7 [9-10] In common Jewish belief there had been no prophecy in Israel since the last of the Old Testament prophets, Malachi. The coming of a new prophet was eagerly awaited, and Jesus agrees that John was such. Yet he was more than a prophet, for he was the precursor of the one who would bring in the new and final age. The Old Testament quotation is a combination of ⇒ Malachi 3:1; ⇒ Exodus 23:20 with the significant change that the before me of Malachi becomes before you. The messenger now precedes not God, as in the original, but Jesus.
8  John’s preeminent greatness lies in his function of announcing the imminence of the kingdom (⇒ Matthew 3:1). But to be in the kingdom is so great a privilege that the least who has it is greater than the Baptist.
9  The meaning of this difficult saying is probably that the opponents of Jesus are trying to prevent people from accepting the kingdom and to snatch it away from those who have received it.
10  All the prophets and the law: Matthew inverts the usual order, “law and prophets,” and says that both have prophesied. This emphasis on the prophetic character of the law points to its fulfillment in the teaching of Jesus and to the transitory nature of some of its commandments (see the note on ⇒ Matthew 5:17-20).
11 [16-19] See ⇒ Luke 7:31-35. The meaning of the parable (⇒ Matthew 11:16-17) and its explanation (⇒ Matthew 11:18-19b) is much disputed. A plausible view is that the children of the parable are two groups, one of which proposes different entertainments to the other that will not agree with either proposal. The first represents John, Jesus, and their disciples; the second those who reject John for his asceticism and Jesus for his table association with those despised by the religiously observant. ⇒ Matthew 11:19c (her works) forms an inclusion with ⇒ Matthew 11:2 (“the works of the Messiah”). The original form of the saying is better preserved in ⇒ Luke 7:35 “. . . wisdom is vindicated by all her children.” There John and Jesus are the children of Wisdom; here the works of Jesus the Messiah are those of divine Wisdom, of which he is the embodiment. Some important textual witnesses, however, have essentially the same reading as in Luke.
12  Tyre and Sidon were pagan cities denounced for their wickedness in the Old Testament; cf ⇒ Joel 3:4-7.
13  Capernaum’s pride and punishment are described in language taken from the taunt song against the king of Babylon (⇒ Isaiah 14:13-15).

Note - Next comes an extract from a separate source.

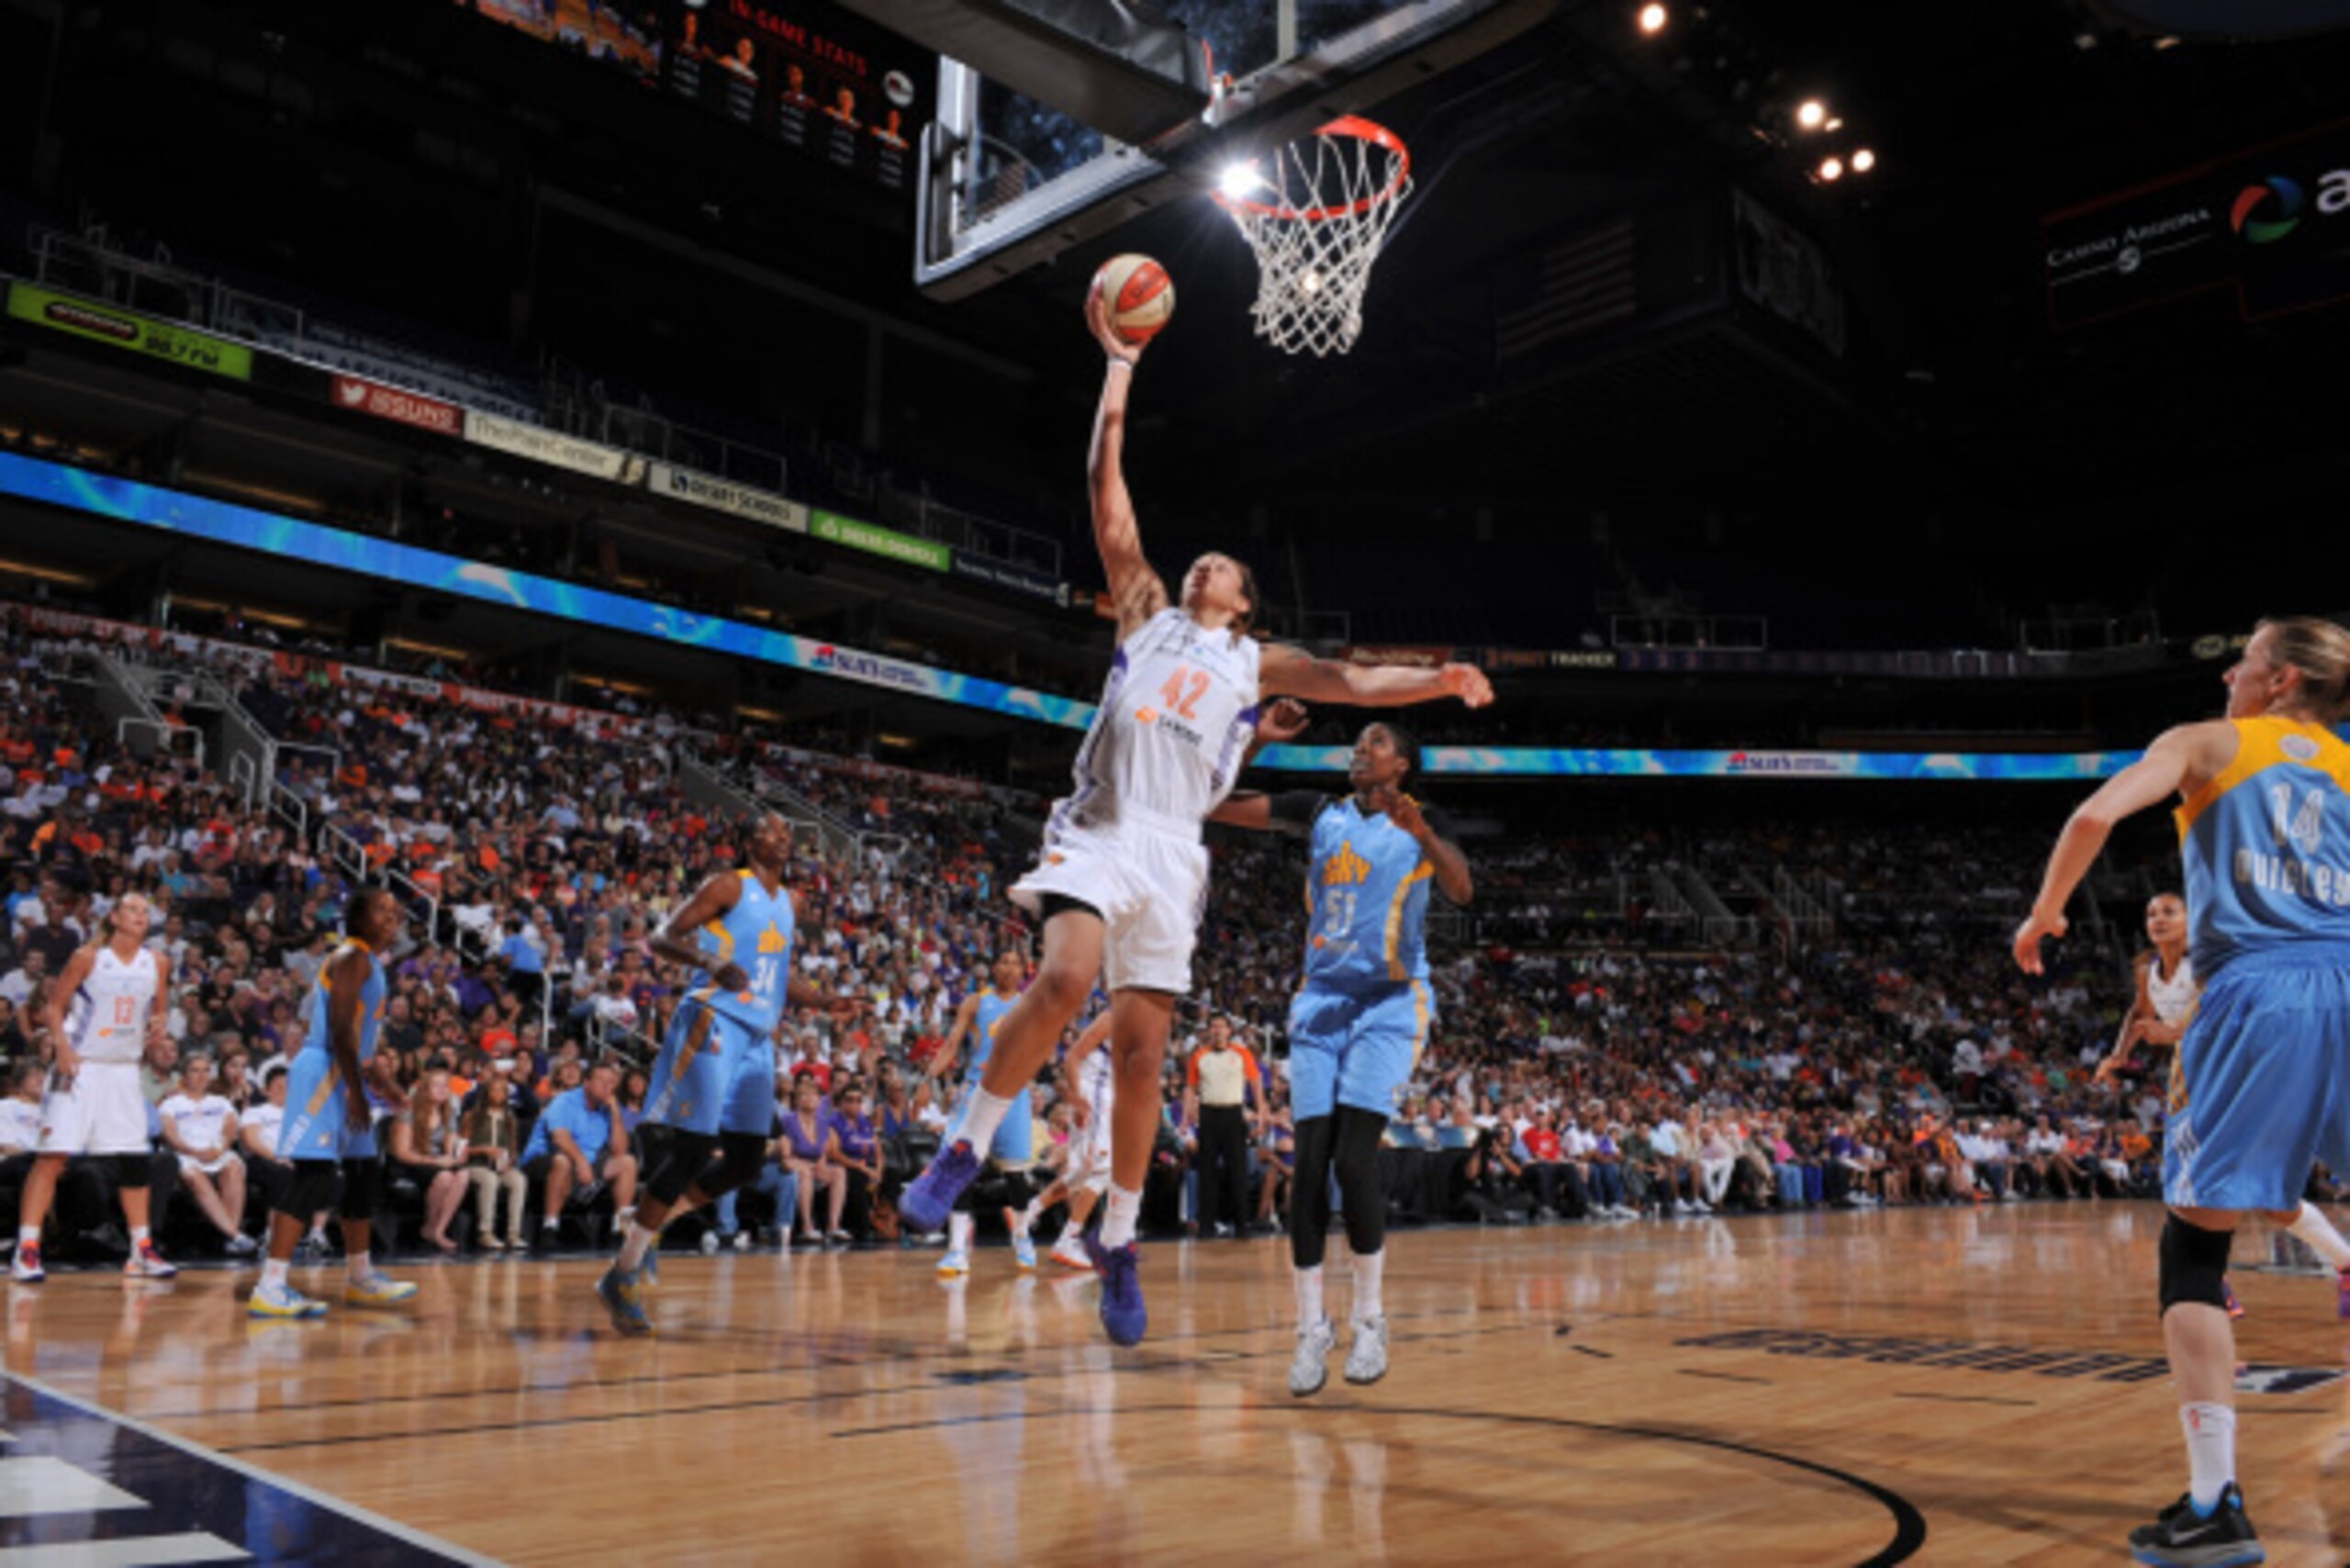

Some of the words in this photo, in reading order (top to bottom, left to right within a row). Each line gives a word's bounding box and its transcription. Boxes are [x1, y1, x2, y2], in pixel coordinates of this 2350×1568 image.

14 [25-27] This Q saying, identical with ⇒ Luke 10:21-22 except for minor variations, introduces a joyous note into this section, so dominated by the theme of unbelief. While the wise and the learned, the scribes and Pharisees, have rejected Jesus’ preaching and the significance of his mighty deeds, the childlike have accepted them. Acceptance depends upon the Father’s revelation, but this is granted to those who are open to receive it and refused to the arrogant. Jesus can speak of all mysteries because he is the Son and there is perfect reciprocity of knowledge between him and the Father; what has been handed over to him is revealed only to those whom he wishes.
15 [28-29] These verses are peculiar to Matthew and are similar to Ben Sirach’s invitation to learn wisdom and submit to her yoke (⇒ Sirach 51:23, ⇒ 26).
16  Who labor and are burdened: burdened by the law as expounded by the scribes and Pharisees (⇒ Matthew 23:4).
17  In place of the yoke of the law, complicated by scribal interpretation, Jesus invites the burdened to take the yoke of obedience to his word, under which they will find rest; cf ⇒ Jeremiah 6:16.